In many cases, family members or friends can help provide basic items, such as clothing or other expensive baby items, such as a stroller. Ordering used items is another way to save on clothing, as well as items like toys and furniture.

However, even if those purchases are covered, Meyer suggests allocating at least $ 150 a month in additional costs for the baby.

By doing so, you can provide your family with a healthy financial cushion to cover other recurring or unexpected expenses associated with a baby.

2. Talk about money and make a plan with your partner

Many companies offer a form of maternity or paternity leave. You should check with your employer about the type of family leave plans they offer and the details of your health care coverage. Then talk to your partner about the next steps.

“Start thinking about what those first few months would be like,” said Danna Jacobs, certified financial planner and founding partner of Legacy Care Wealth.

Decide whether one or both parents will stay home or work.
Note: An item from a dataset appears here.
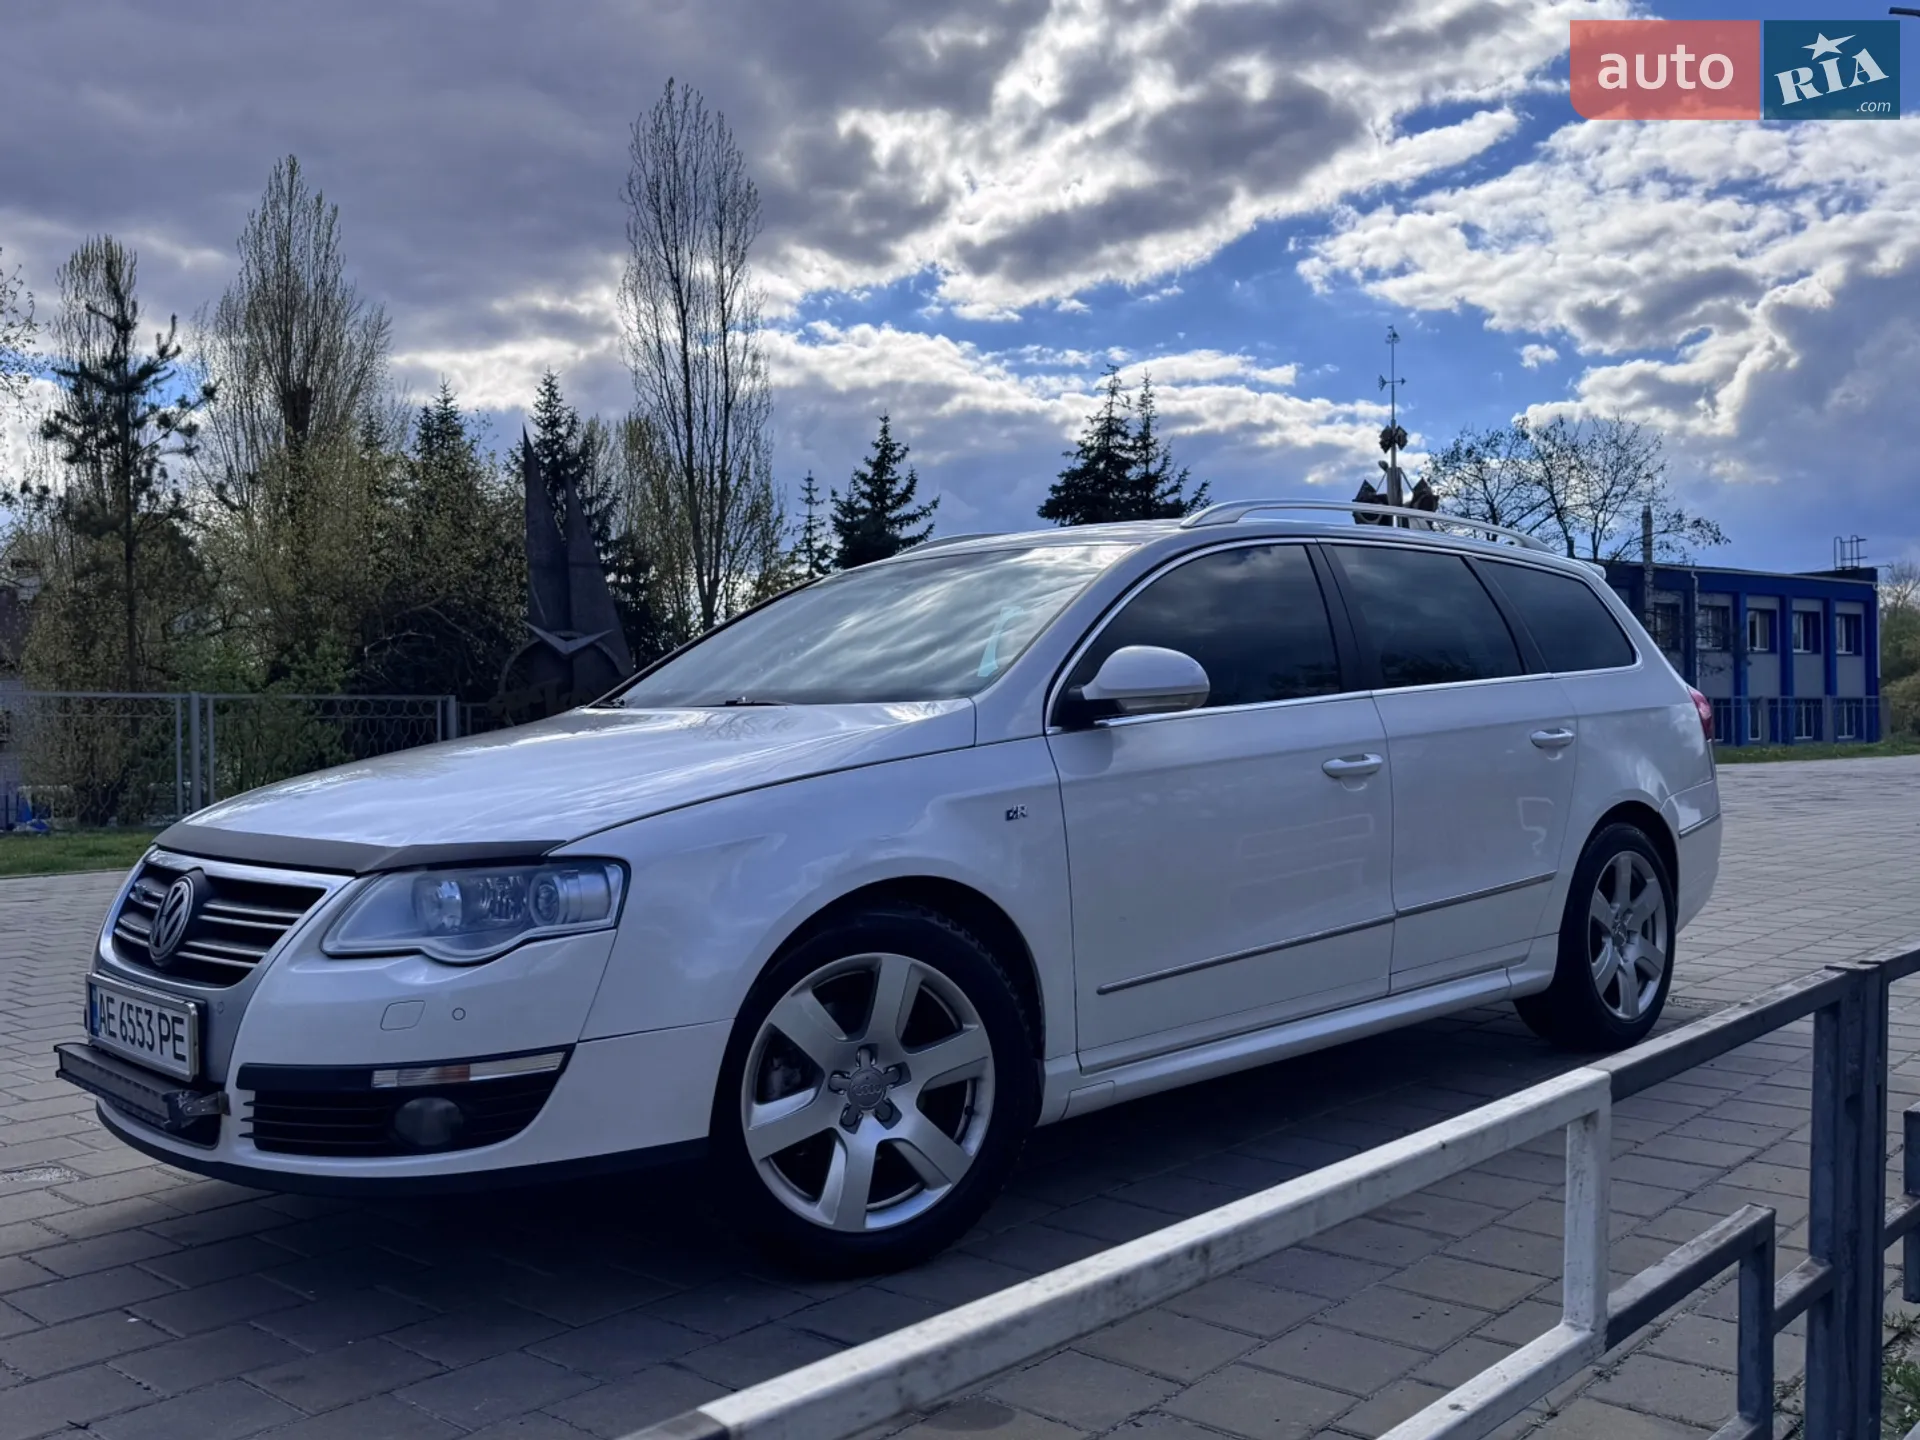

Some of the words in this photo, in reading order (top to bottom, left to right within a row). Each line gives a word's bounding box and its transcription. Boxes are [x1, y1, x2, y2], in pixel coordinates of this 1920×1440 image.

From there, you can get a better idea of ​​your household’s disposable income and cash flow during the first few months of your baby’s life.

You should also consider the retirement contributions from your home and whether you should reduce or increase that amount based on your budget. Prioritizing paying off high-interest debt, like a credit card, and finalizing any plans to finance a 529 savings plan for your newborn are other essential steps to consider.

In cases where talking about finances with your partner is uncomfortable or difficult, try working with a financial professional, such as a financial advisor or counselor, to stay on track with your financial goals and budget.

“Navigating money conversations with your partner can be awkward, even when you’re not expecting a baby,” Meyer said. “A good financial planner or advisor can help ease the tension if every conversation about money ends with an argument.”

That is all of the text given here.